### Supplied records
§ §
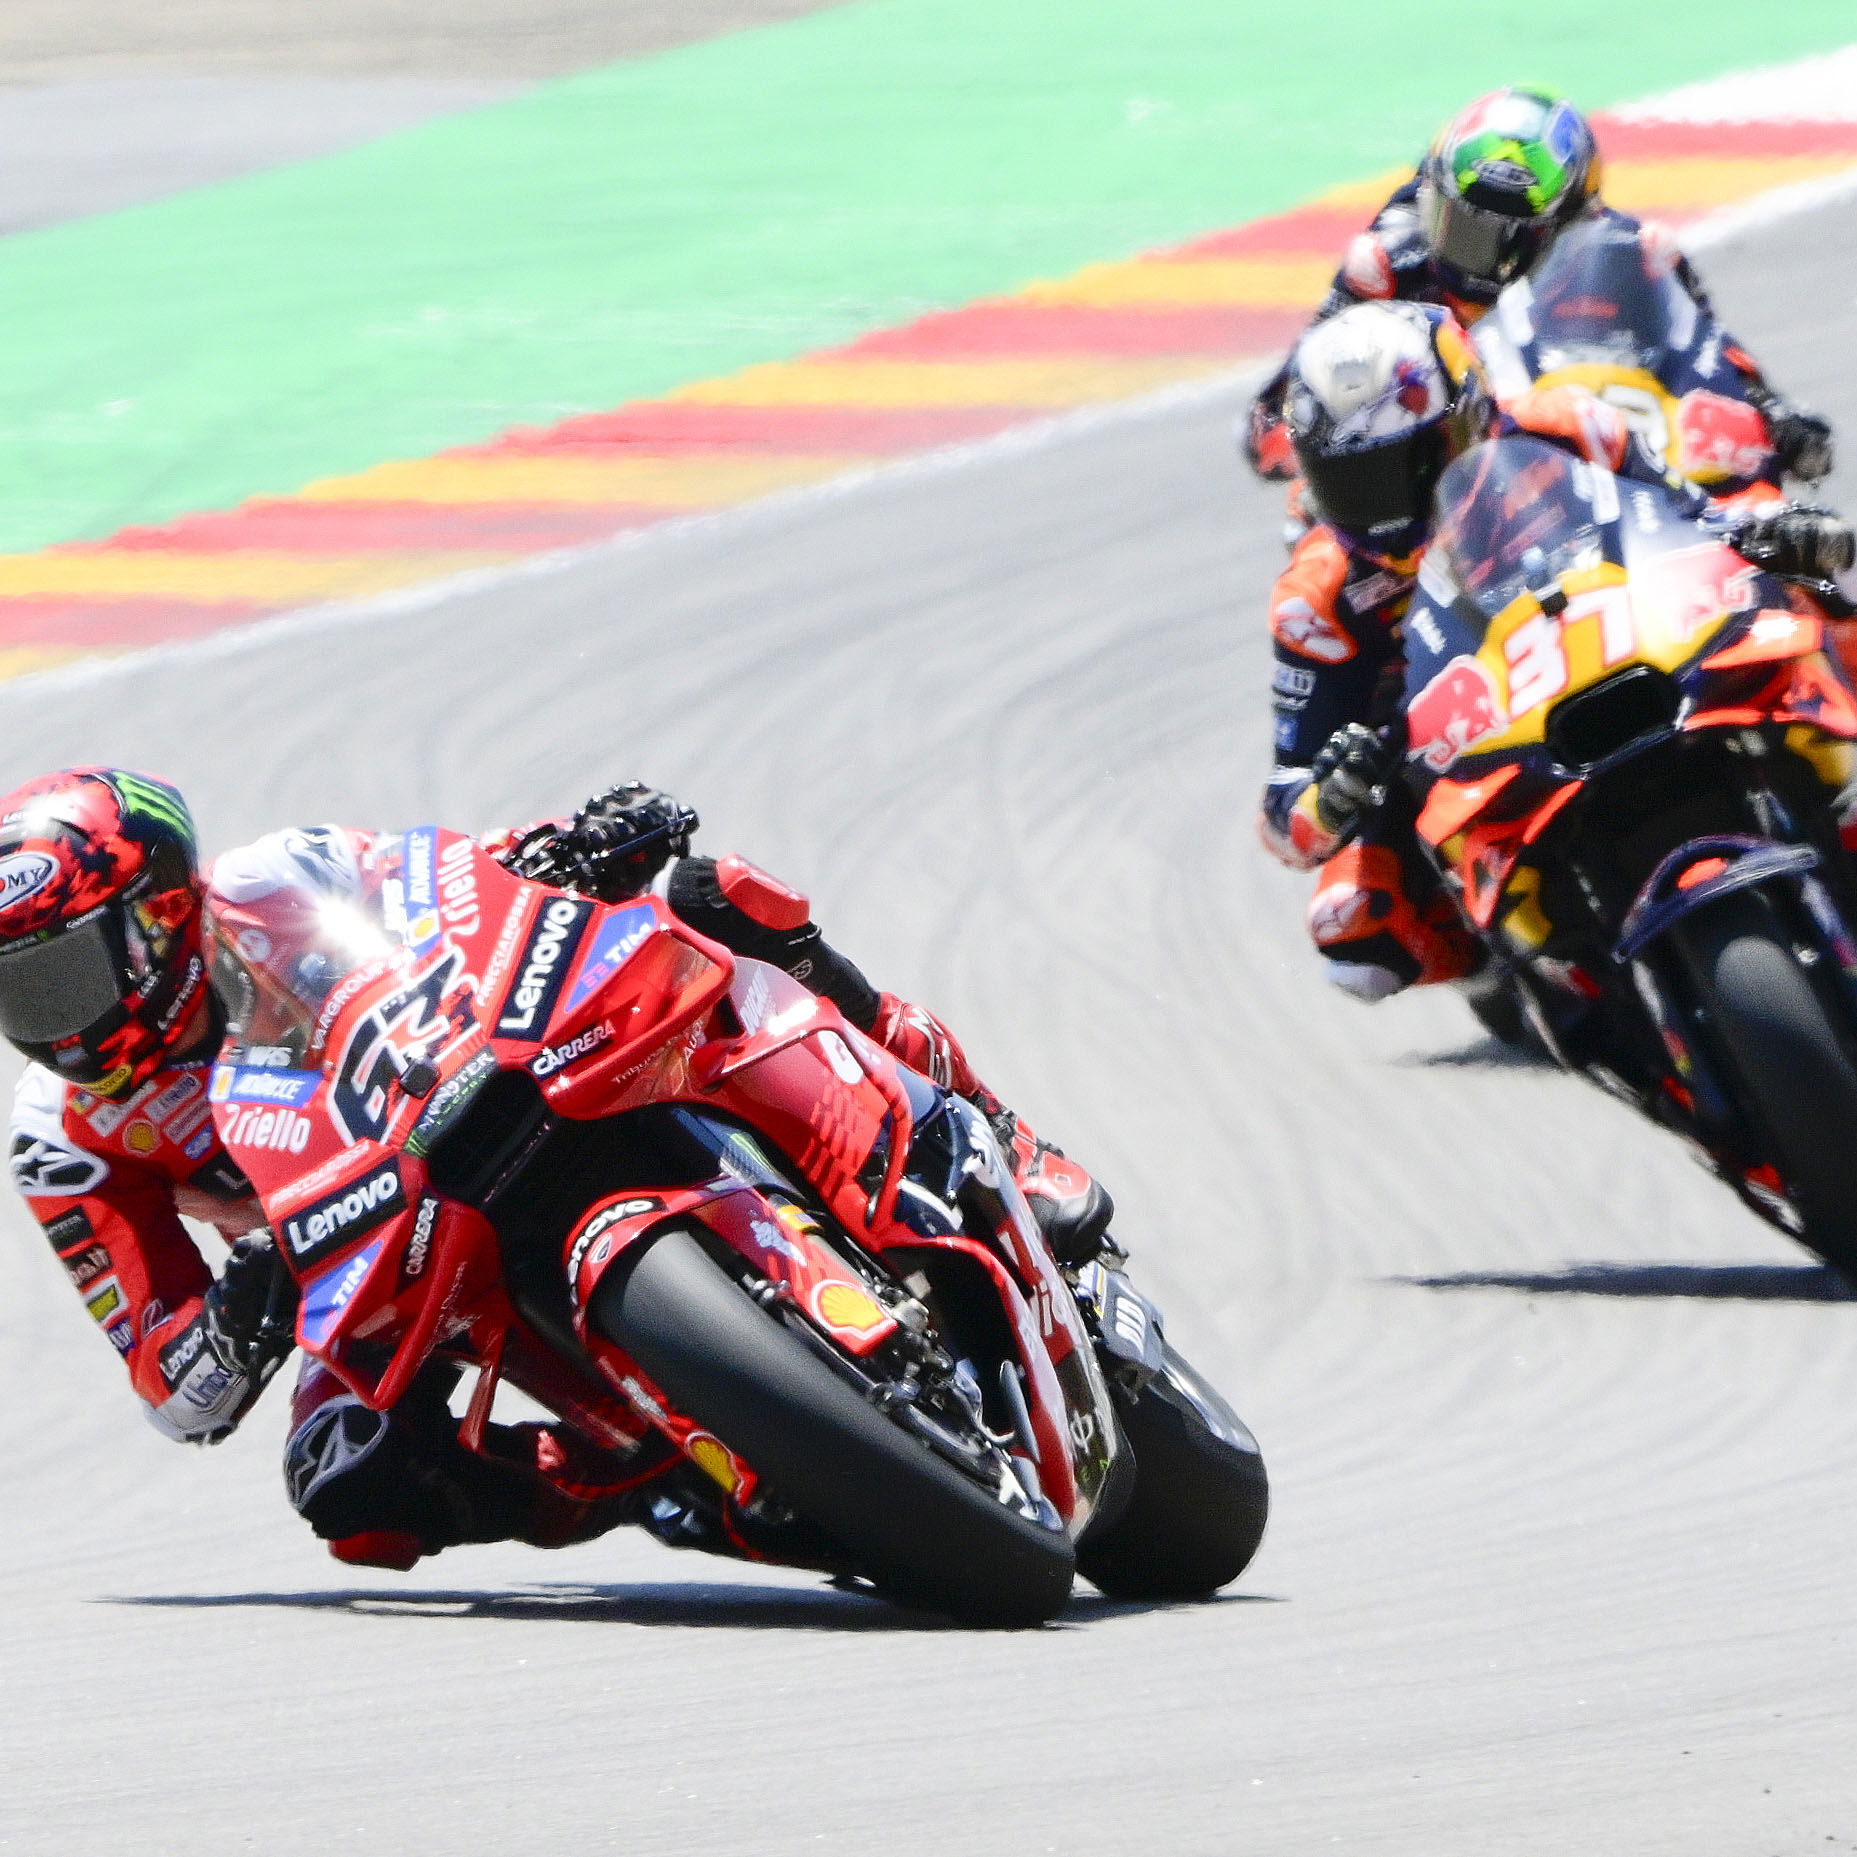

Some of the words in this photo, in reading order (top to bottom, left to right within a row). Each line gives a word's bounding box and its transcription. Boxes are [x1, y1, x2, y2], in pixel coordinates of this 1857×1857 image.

[1504, 584, 1637, 719] 37
[0, 866, 43, 890] MY
[499, 900, 577, 1030] Lenovo
[604, 922, 651, 962] TIM
[532, 1018, 616, 1076] CARRERA
[288, 1171, 398, 1255] Lenovo
[331, 1256, 369, 1306] TIM
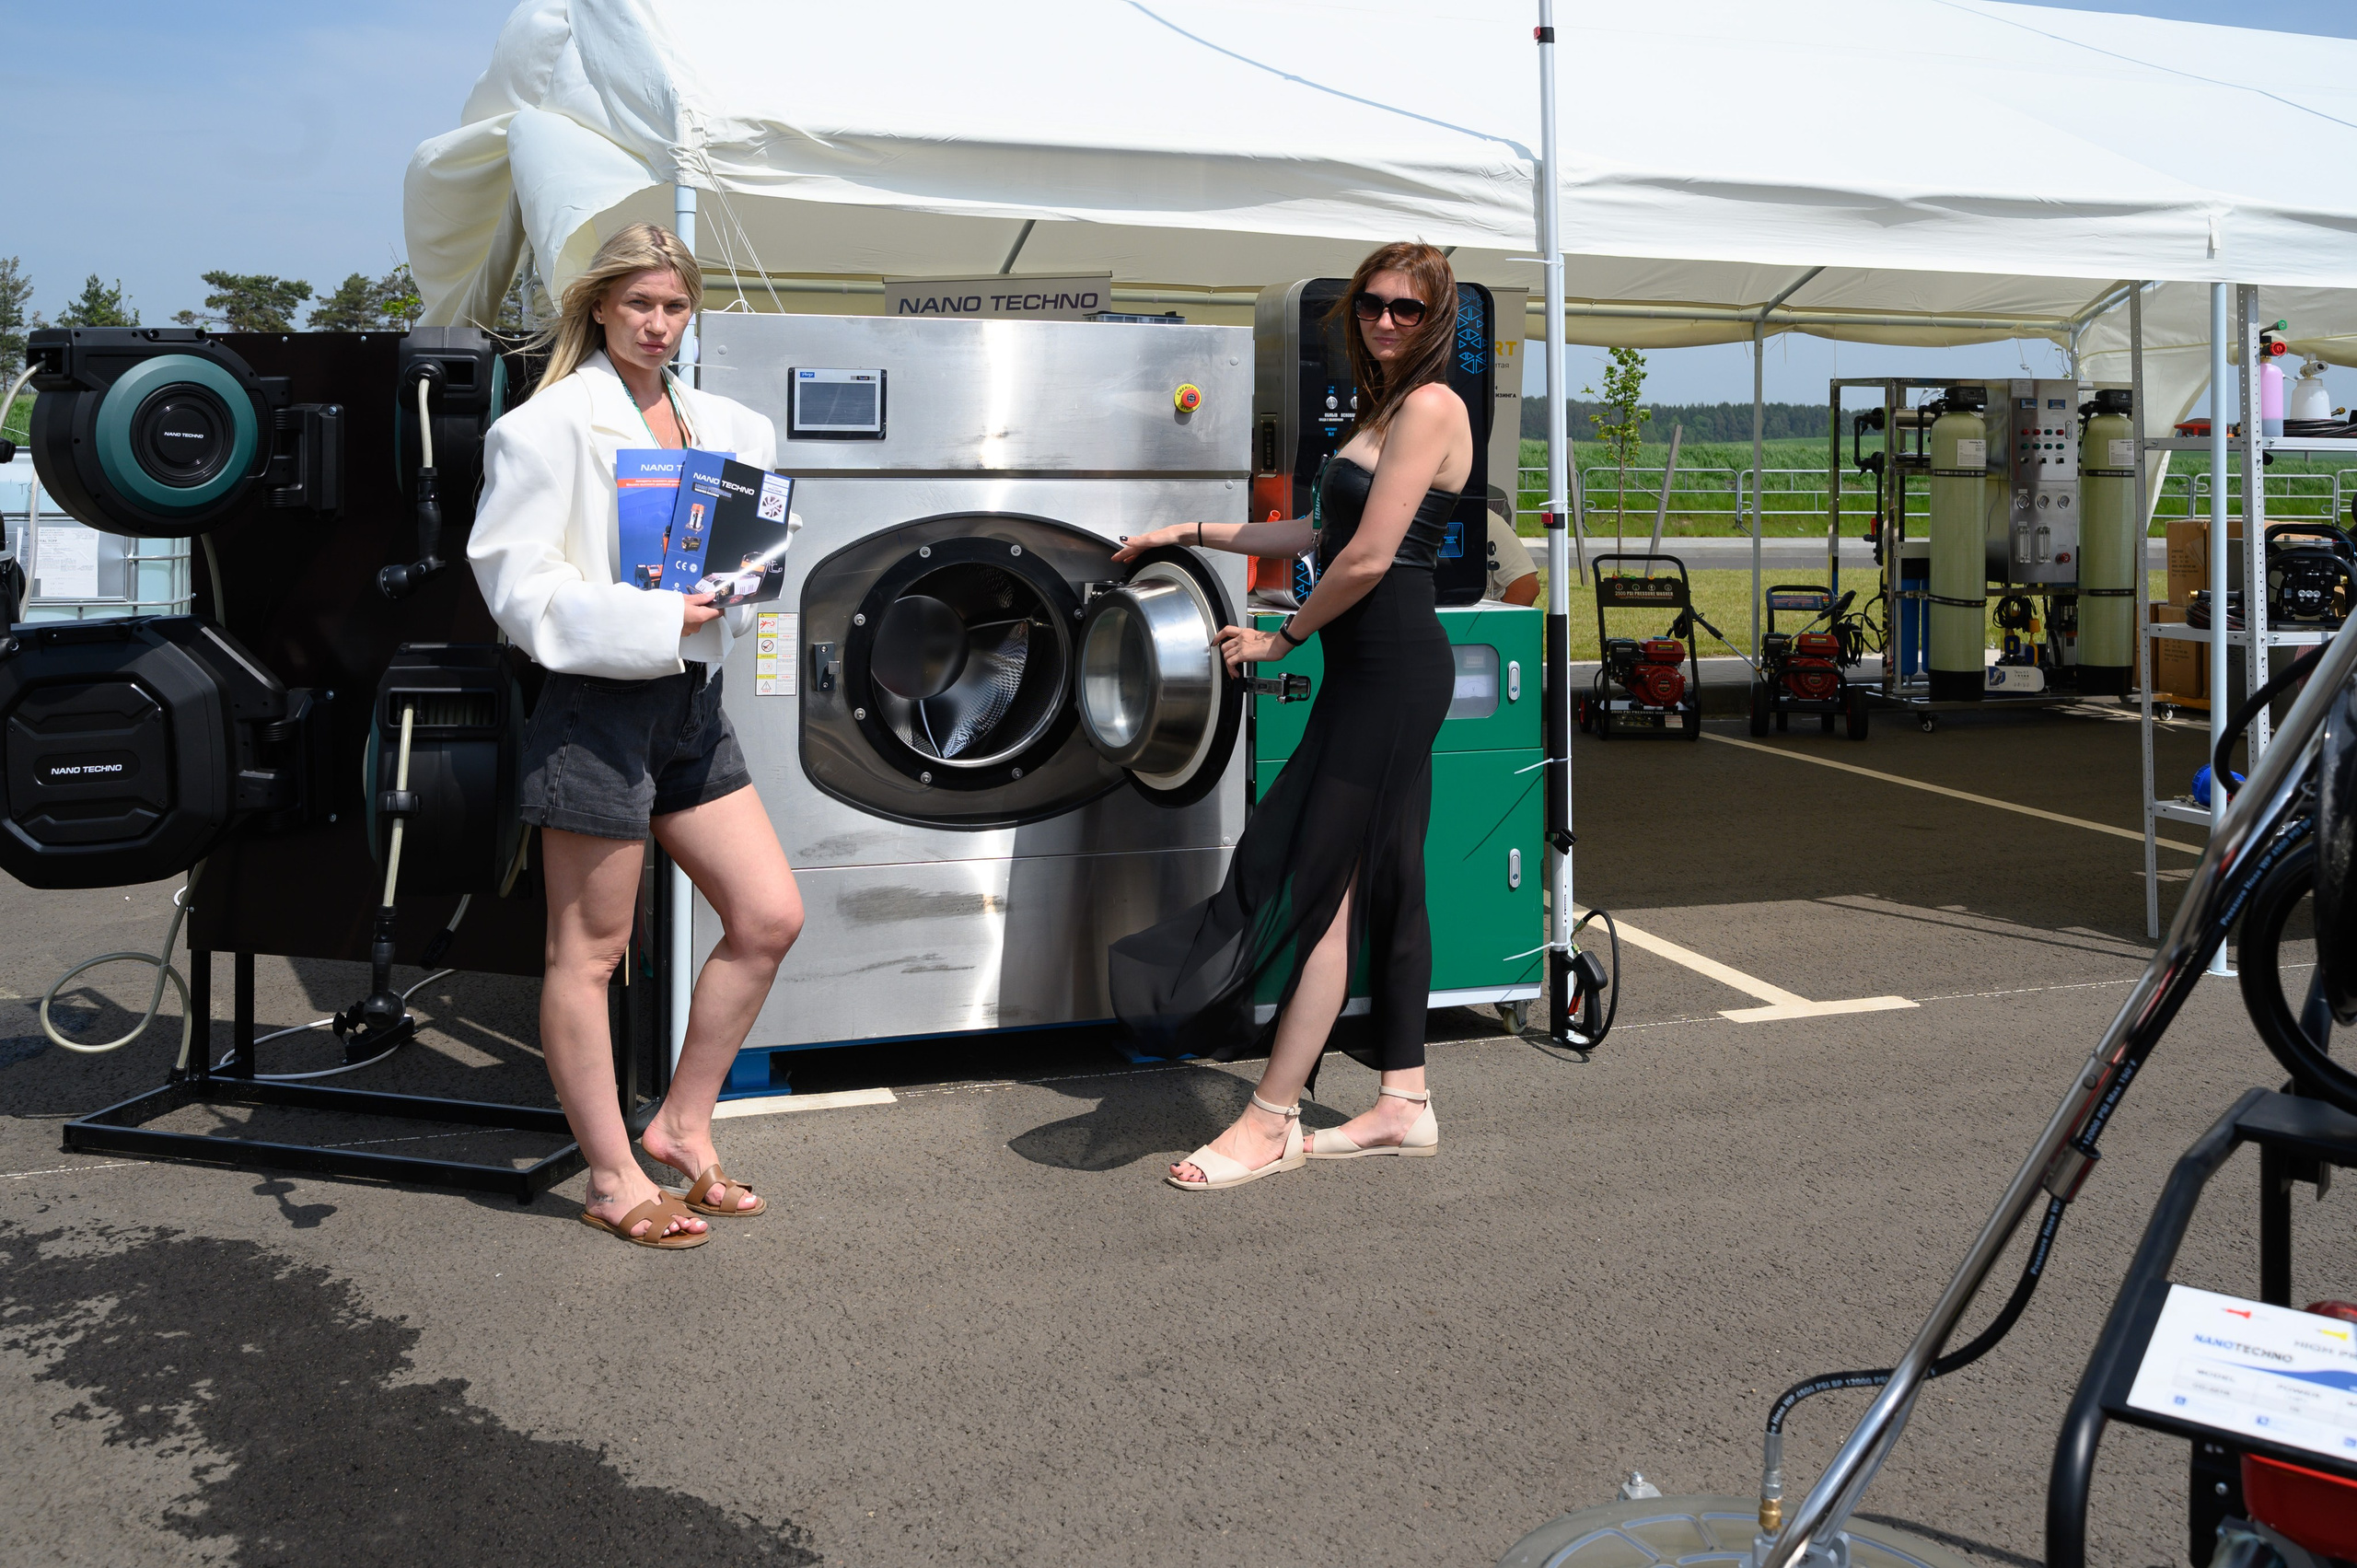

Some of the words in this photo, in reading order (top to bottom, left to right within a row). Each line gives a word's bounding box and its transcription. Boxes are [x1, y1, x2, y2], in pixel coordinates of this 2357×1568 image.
§ §
### Brief
Your answer must be an exact repeat of all the records, minus the pictures.

### Problem solution
Some of the words in this photo, in reading order (top to bottom, left to right within a row). Each line gives a word's bounding box and its transcription. Boxes are [x1, y1, x2, y2], in pixel coordinates of this 1857×1857 image.

[1504, 584, 1637, 719] 37
[0, 866, 43, 890] MY
[499, 900, 577, 1030] Lenovo
[604, 922, 651, 962] TIM
[532, 1018, 616, 1076] CARRERA
[288, 1171, 398, 1255] Lenovo
[331, 1256, 369, 1306] TIM

Some of the words in this photo, in reading order (top to bottom, left to right within a row). Each line gives a word's bounding box and its transcription. Boxes are [x1, y1, x2, y2], in pixel coordinates of this 2357×1568 image.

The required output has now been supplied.